Public and private funding for the past 10 years has cut deaths from malaria by nearly 50 percent worldwide. In sub-Saharan Africa, malaria deaths have been cut by 54 percent. That means more than 4 million lives have been been saved, most of them African children under the age of five.
Massive funds first started flowing into a program called The President's Malaria Initiative under President George W. Bush in 2005. The goal was to reduce deaths by 50 percent in 15 countries in sub-Saharan Africa.
The plan called for increasing medical treatment and scaling up prevention programs. It included providing 40 million bed nets treated with insecticide to reduce mosquito bites, spraying 5 million homes with insecticide, providing preventive treatment for 40 million pregnant women, training 16 million health workers, and distributing nearly 50 million rapid diagnostic tests and the same number of treatments using artemisinin-based therapies. Artemisinin is the most effective medication available for treating malaria.
President Obama has now funded the program for another six years. The new goal is to cut the number of malaria deaths by another third and to eradicate the disease entirely by 2050.
Other countries and organizations also have scaled up funding for anti-malaria programs. Since 2000, the level of funding for malaria has increased tenfold from $200 million to $2 billion.
Still, the U.S. is the world’s largest donor in the war against malaria. It's made a difference, according to Dr. Fatoumata Nafo-Traore. She heads the Roll Back Malaria Partnership, which coordinates the international anti-malaria effort from the World Health Organization headquarters in Geneva.
During a visit to VOA, Fato, as she is called, said the impact of U.S. funding, beyond making medicine and bed nets available, is the investment in human capital - strengthening countries' health systems and training local health workers.
As a result, she said, "In any single village, you can use the [rapid] test and find out the results in 10 to 15 minutes." But even the vast amount of money earmarked for malaria control isn't enough. Fato says anti-malarial programs are still short of 50 percent of the resources needed to fight malaria globally.
The shortage increases the challenge of eradicating malaria. In Asia, the parasite that causes malaria is developing resistance to artemisinin. In Africa, mosquitoes are developing resistance to the most commonly used insecticides. Other insecticides can be used to kill mosquitoes, but at a higher cost.
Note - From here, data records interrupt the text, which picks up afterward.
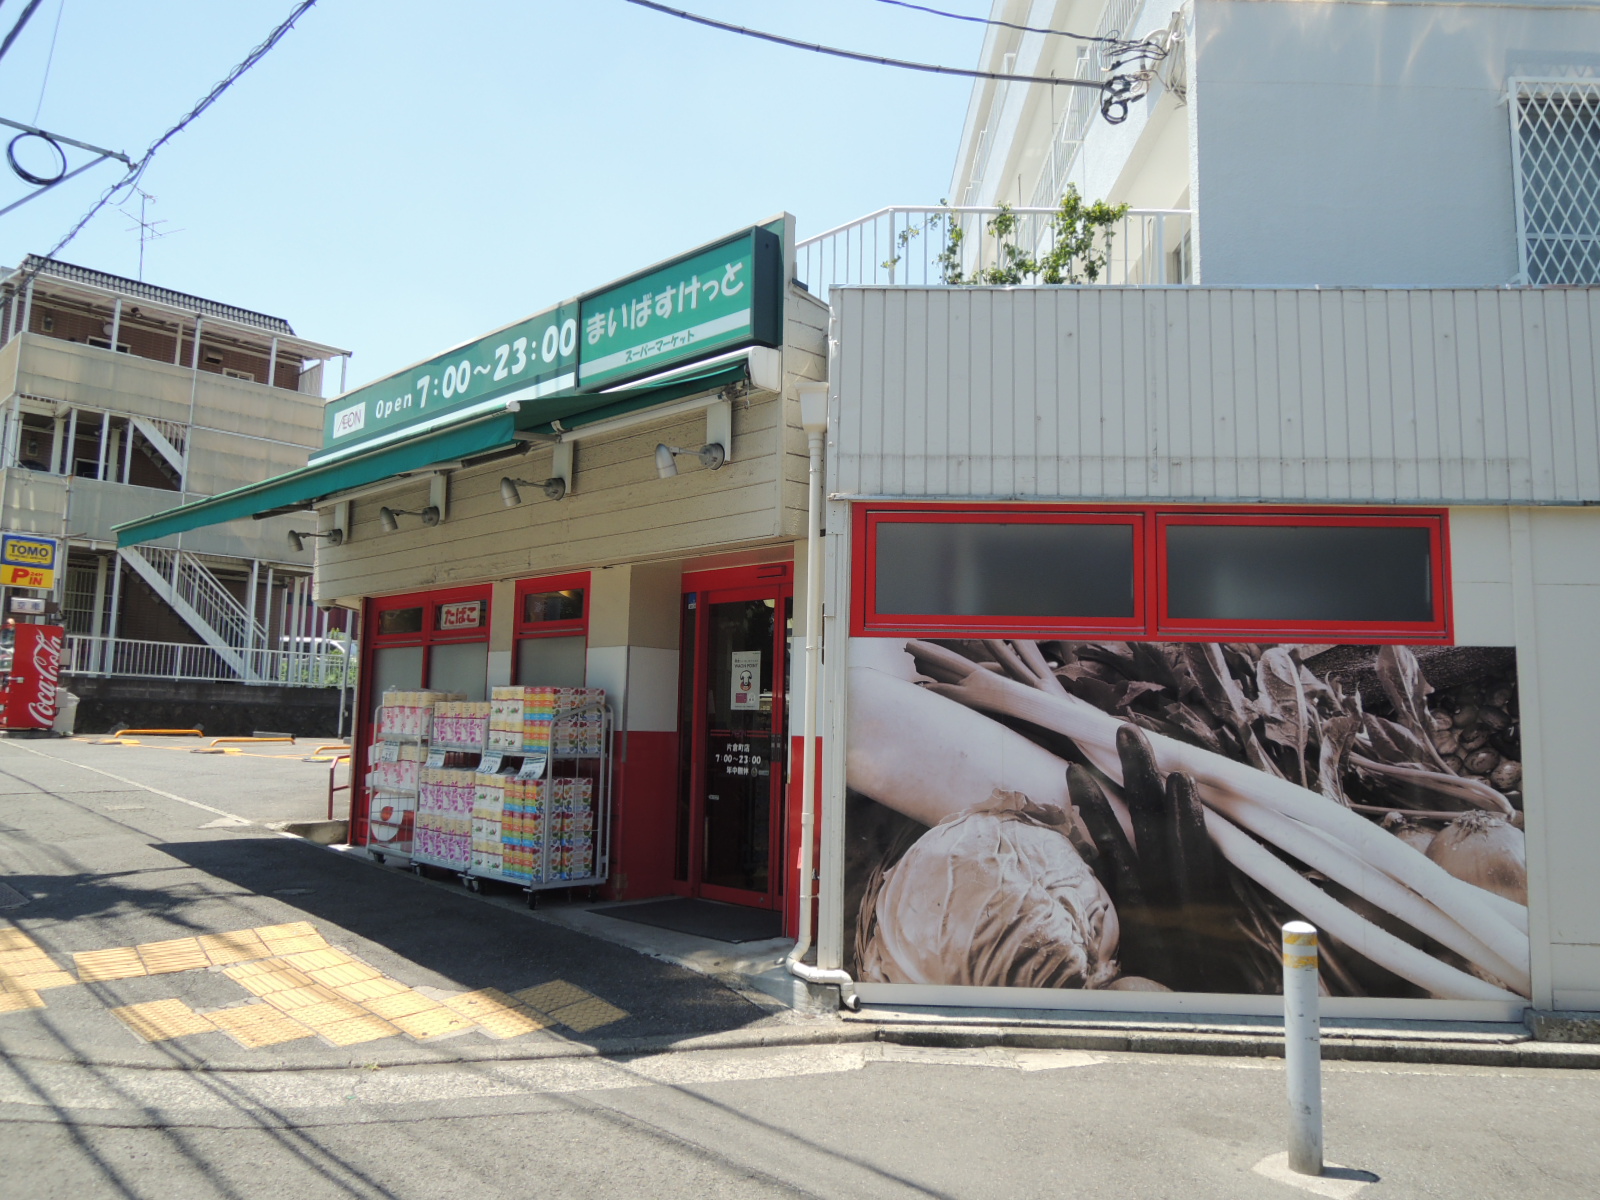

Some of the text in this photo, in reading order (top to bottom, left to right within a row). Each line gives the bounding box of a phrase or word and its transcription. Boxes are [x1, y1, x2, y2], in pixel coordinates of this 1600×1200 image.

[586, 262, 744, 345] まいばすけっと
[625, 330, 695, 362] スーパーマーケット
[375, 392, 412, 419] Open
[10, 544, 49, 557] TOMO
[10, 568, 30, 583] P
[29, 577, 43, 585] IN
[444, 606, 477, 625] たばこ
[28, 627, 61, 726] Coca-Cola
[726, 743, 750, 753] 片倉町店
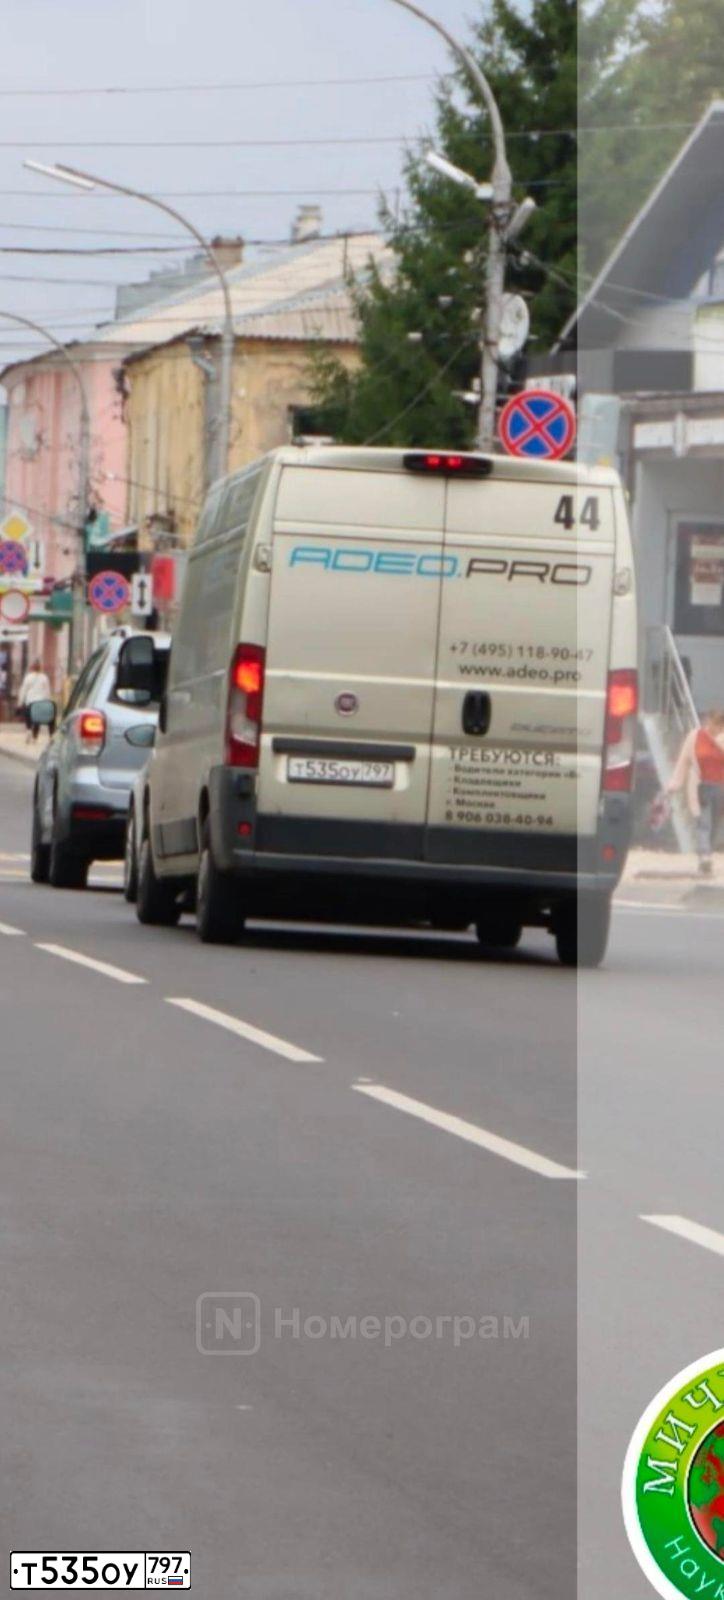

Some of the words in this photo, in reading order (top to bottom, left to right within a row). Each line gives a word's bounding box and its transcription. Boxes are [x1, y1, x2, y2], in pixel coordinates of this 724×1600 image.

[553, 494, 600, 532] 44
[289, 547, 592, 586] ADEO.PRO
[450, 642, 468, 655] +7
[472, 643, 513, 659] (495)
[517, 645, 594, 662] 118-90-47
[459, 664, 582, 683] www.adeo.pro
[450, 748, 560, 766] ТРЕБУЮТСЯ:
[365, 763, 390, 777] 797
Both developments are serious threats, said Dr. William Moss of the Johns Hopkins Malaria Research Institute, who spoke to VOA from Lumbumbashi, in the Democratic Republic of Congo near the border with Zambia.
Artemisinin is normally used in combination with other medicines to treat malaria patients. Moss explained that artemisinin resistance is not like drug-resistant tuberculosis, in which drug therapy is ineffective. Instead, he said, it "is a delayed parasite clearance, so the parasites eventually clear [the blood stream] but they may require a longer duration of therapy."
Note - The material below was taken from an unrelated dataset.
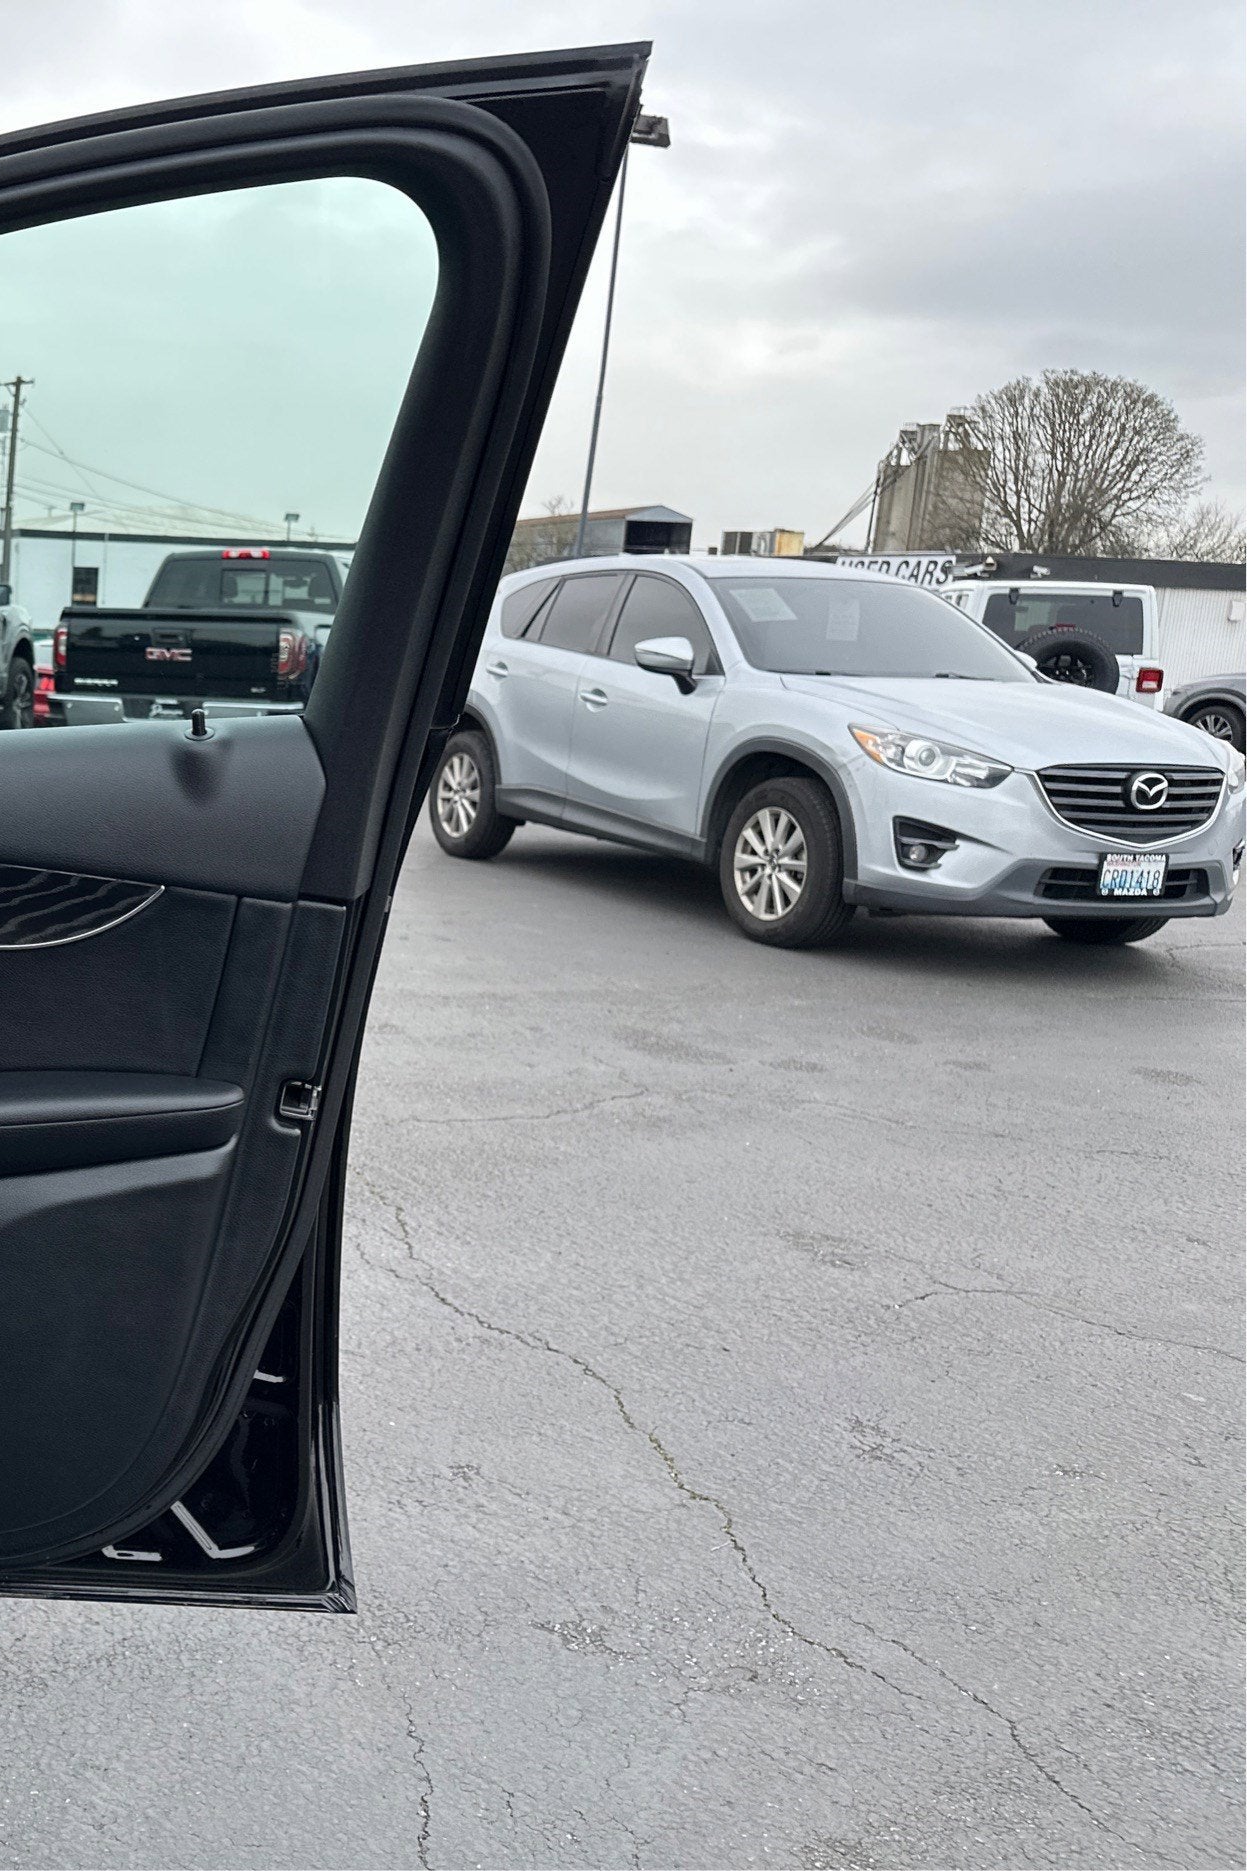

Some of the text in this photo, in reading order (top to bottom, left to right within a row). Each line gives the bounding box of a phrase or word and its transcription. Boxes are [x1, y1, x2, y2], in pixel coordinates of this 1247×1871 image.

[895, 560, 953, 585] CARS
[145, 647, 192, 661] GMC
[1106, 854, 1166, 862] SOUTH TACOMA
[1113, 888, 1148, 896] MAZDA
It's a concern because "presumably, [it] is a first step to developing more complete resistance where the parasite doesn’t respond at all," Moss said.
The World Health Organization reports artemisinin resistance developing in Southeast Asia in areas with a high number of migrants. WHO is implementing an emergency response plan to scale up containment efforts there. Experts say they are particularly concerned about drug resistance developing along the border between Myanmar and India.
Moss said if resistance to artemisinin develops in India, it's only a matter of time before it develops in sub-Saharan Africa.
"There is a lot of movement that people, and presumably parasites [make] from India to sub-Saharan Africa," he said, "Those are well-traveled routes."
Moss said evidence is increasing that malaria control needs to be a regional effort. For example, the Democratic Republic of Congo borders nine other countries.
"And if it's not done together," he said, "the success and gains in a particular country can be undermined by the importation of malaria from their neighbors."
As for the new goals of The President's Malaria Initiative, Moss says he thinks they are achievable with the current tools available to fight the disease. But, he said those tools are going to be increasingly challenged by both insecticide resistance and drug resistance.